Anne Lafont
Historienne de l’art
Décembre 2021 - Eté 2022
- Littérature
- Sciences humaines et sociales
- La Nouvelle-Orléans
- New York
« Dans ce projet, l’échelle de l’enquête historique est celle de l’exceptionnalité, prenant délibérément deux destins singuliers et emblématiques comme points d’ancrage d’une histoire américaine où l’expérience française est noire. »
Après avoir étudié l’histoire de l’art au Canada, en France et en Italie, j’ai enseigné à l’université avant d’être chercheuse à l’INHA pendant dix ans. Mes travaux portaient alors sur la fabrique de la discipline Histoire de l’art, sur ses fondements idéologiques en parallèle des constructions nationales européennes, de Napoléon à l’entre-deux-guerres. Ces recherches sur la dimension politique de l’écriture de l’histoire de l’art ont donné lieu à deux enquêtes : la première, fondée sur les ressources et le questionnaire propres aux études de genre, s’est concrétisée par la co-direction d’un ouvrage collectif : Plumes et pinceaux. Discours de femmes sur l’art en Europe (1750-1850) ; la seconde, consacrée à l’étude des relations entre arts et savoirs à l’époque des Lumières, a donné lieu à une exposition et un catalogue : 1740, un abrégé du monde.
Dans la continuité de ces travaux collectifs relevant d’une historiographie critique, je suis devenue rédactrice en chef de Perspective, revue d’actualité de la recherche de l’Institut national d’histoire de l’art.
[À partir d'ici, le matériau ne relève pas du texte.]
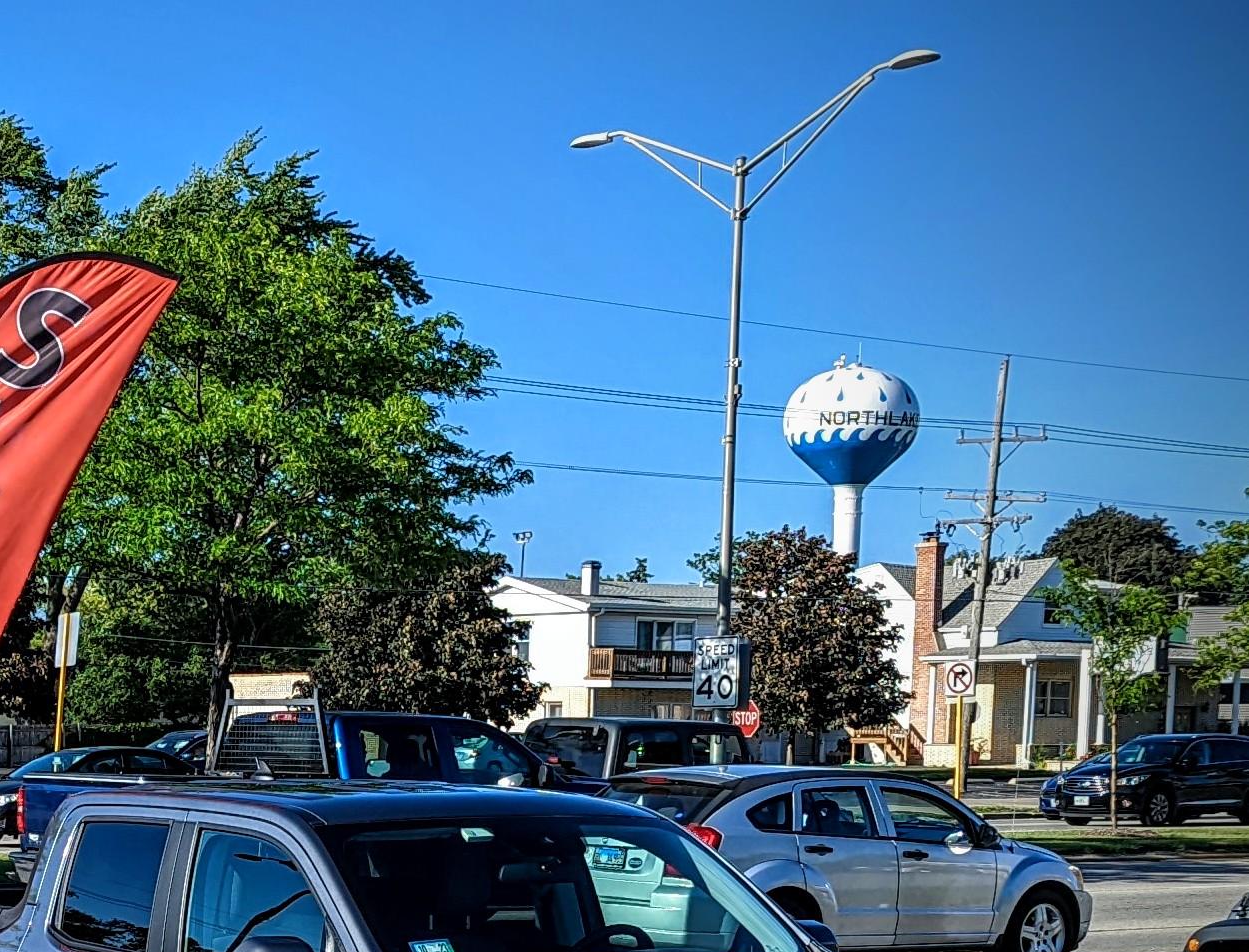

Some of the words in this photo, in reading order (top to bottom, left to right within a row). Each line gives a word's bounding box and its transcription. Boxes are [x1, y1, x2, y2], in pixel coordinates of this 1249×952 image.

Depuis, mon engagement dans la vie des revues s’est poursuivi notamment à Critique, Gradhiva, et Esprit. Ces espaces de pensée sont extrêmement importants dans ma réflexion car ils stimulent la recherche fondamentale et souvent solitaire.
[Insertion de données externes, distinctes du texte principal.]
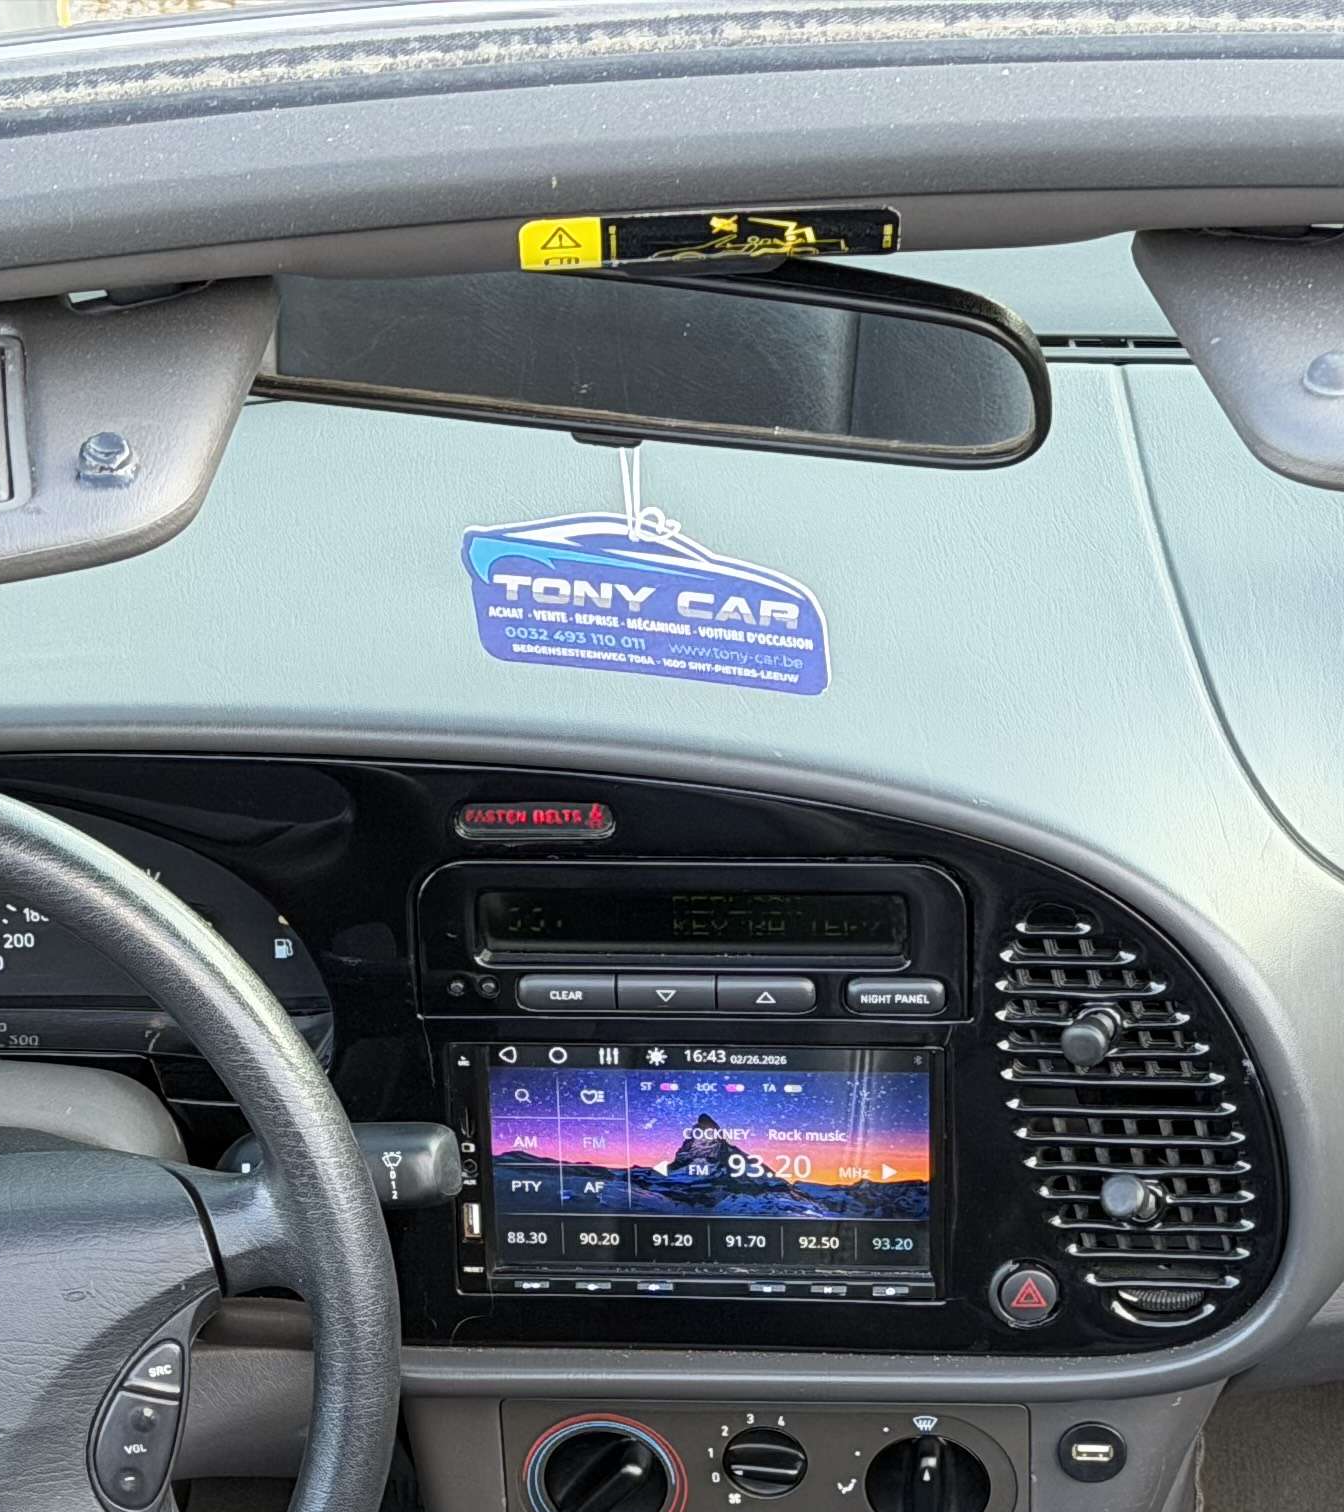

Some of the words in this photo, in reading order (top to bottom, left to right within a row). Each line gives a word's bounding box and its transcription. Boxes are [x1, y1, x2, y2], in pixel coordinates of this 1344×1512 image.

[493, 573, 656, 613] TONY
[677, 591, 800, 629] CAR
[533, 609, 568, 623] VENTE
[575, 613, 619, 628] REPRISE
[698, 626, 745, 642] VOITURE
[505, 626, 549, 641] 0032
[553, 630, 587, 644] 493
[590, 633, 616, 647] 110
[621, 636, 646, 650] 011
[668, 641, 804, 669] www.tony-car.be
[3, 933, 35, 949] 200
[549, 990, 582, 1001] CLEAR
[860, 994, 891, 1005] NIGHT
[894, 994, 930, 1006] PANEL
[684, 1050, 726, 1063] 16:43
[640, 1082, 652, 1091] ST
[762, 1083, 776, 1092] TA
[768, 1128, 802, 1141] Rock
[805, 1128, 847, 1142] music
[513, 1136, 537, 1148] AM
[583, 1137, 605, 1149] FM
[689, 1165, 709, 1176] FM
[728, 1154, 811, 1178] 93.20
[839, 1167, 870, 1179] MHz
[511, 1181, 542, 1192] PTY
[584, 1182, 605, 1193] AF
[507, 1232, 547, 1244] 88.30
[579, 1233, 620, 1245] 90.20
[652, 1234, 693, 1247] 91.20
[725, 1235, 766, 1248] 91.70
[798, 1236, 840, 1249] 92.50
[872, 1238, 913, 1250] 93.20
[148, 1364, 172, 1378] SRC
[746, 1413, 755, 1424] 3
[777, 1415, 786, 1427] 4
[721, 1425, 729, 1437] 2
[123, 1444, 147, 1455] VOL
[707, 1447, 714, 1459] 1
[711, 1472, 721, 1483] 0
Depuis 2017, je suis à l’EHESS, où le point d’orgue de mon activité est le séminaire de recherche avec les jeunes chercheurs et les collègues. Deux axes principaux y président : la construction visuelle de la race à l’époque moderne et la fabrique de l’art africain dans les discours et les pratiques depuis le XVIIe siècle. Ainsi, mes recherches s’ancrent dans une réflexion épistémologique sur cette drôle de discipline qu’est l’histoire de l’art – ses ressources spécifiques et ses biais fondamentaux, mais aussi ses chemins de traverse – ainsi que sur les mondes visuels dans leur diversité – du chef d’œuvre au graphisme – en ce qu’ils fabriquent du soi et de l’Autre dans tous les aspects de nos vies.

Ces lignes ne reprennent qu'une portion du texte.